I am training CIFAR10 dataset on LeNet CNN model. I am using PyTorch on Google Colab. The code runs only when I use Adam optimizer with model.parameters() as the only parameter. But when I change my optimizer or use weight_decay parameter then the accuracy remains at 10% through all the epochs. I cannot understand the reason why it is happening.
# CNN Model - LeNet
class LeNet_ReLU(nn.Module):
def __init__(self):
super().__init__()
self.cnn_model = nn.Sequential(nn.Conv2d(3,6,5),
nn.ReLU(),
nn.AvgPool2d(2, stride=2),
nn.Conv2d(6,16,5),
nn.ReLU(),
nn.AvgPool2d(2, stride=2))
self.fc_model = nn.Sequential(nn.Linear(400, 120),
nn.ReLU(),
nn.Linear(120,84),
nn.ReLU(),
nn.Linear(84,10))
def forward(self, x):
x = self.cnn_model(x)
x = x.view(x.size(0), -1)
x = self.fc_model(x)
return x
# Importing dataset and creating dataloader
batch_size = 128
trainset = torchvision.datasets.CIFAR10(root='./data', train=True, download=True,
transform=transforms.ToTensor())
trainloader = utils_data.DataLoader(trainset, batch_size=batch_size, shuffle=True)
testset = torchvision.datasets.CIFAR10(root='./data', train=False, download=True,
transform=transforms.ToTensor())
testloader = utils_data.DataLoader(testset, batch_size=batch_size, shuffle=False)
# Creating instance of the model
net = LeNet_ReLU()
# Evaluation function
def evaluation(dataloader):
total, correct = 0, 0
for data in dataloader:
inputs, labels = data
outputs = net(inputs)
_, pred = torch.max(outputs.data, 1)
total += labels.size(0)
correct += (pred==labels).sum().item()
return correct/total * 100
# Loss function and optimizer
loss_fn = nn.CrossEntropyLoss()
opt = optim.Adam(net.parameters(), weight_decay = 0.9)
# Model training
loss_epoch_arr = []
max_epochs = 16
for epoch in range(max_epochs):
for i, data in enumerate(trainloader, 0):
inputs, labels = data
outputs = net(inputs)
loss = loss_fn(outputs, labels)
loss.backward()
opt.step()
opt.zero_grad()
loss_epoch_arr.append(loss.item())
print('Epoch: %d/%d, Test acc: %0.2f, Train acc: %0.2f'
% (epoch,max_epochs, evaluation(testloader), evaluation(trainloader)))
plt.plot(loss_epoch_arr)
The weight decay mechanism sets a penalty for high value weights, i.e. it stricts the weights to have relatively small values by adding their sum multiplied by the weight_decay
argument you gave it. That can be seen as a quadratic regularization term.

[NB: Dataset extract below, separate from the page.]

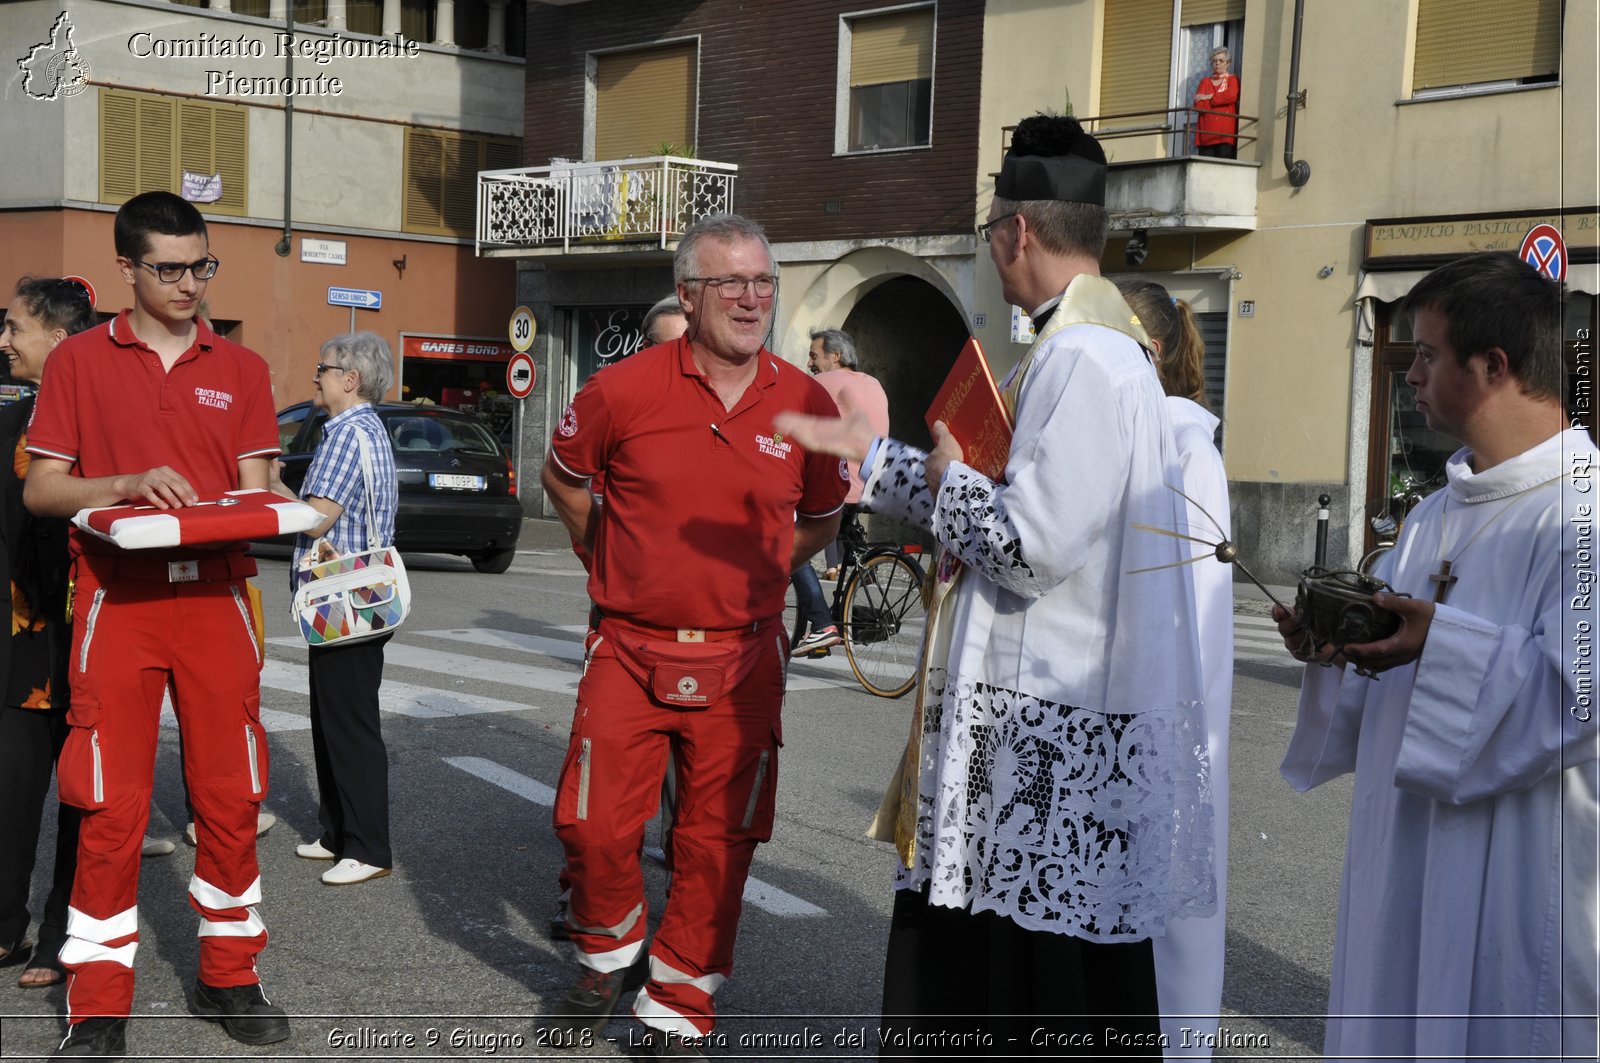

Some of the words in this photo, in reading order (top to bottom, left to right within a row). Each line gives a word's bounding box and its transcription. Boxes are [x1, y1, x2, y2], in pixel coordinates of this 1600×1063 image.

When passing large weight_decay
value, you may strict your network too much and prevent it from learning, that's probably the reason it had 10% of accuracy which is related to non-learning at all and just guessing the answer (since you have 10 classes you receive 10% of acc, when the output isn't a function of your input at all).
The solution would be to play around with different values, train for weight_decay
of 1e-4
or some other values in that area. Note that when you reach values closer to zero you should have results which are closer to your initial train without using the weight decay.
Hope that helps.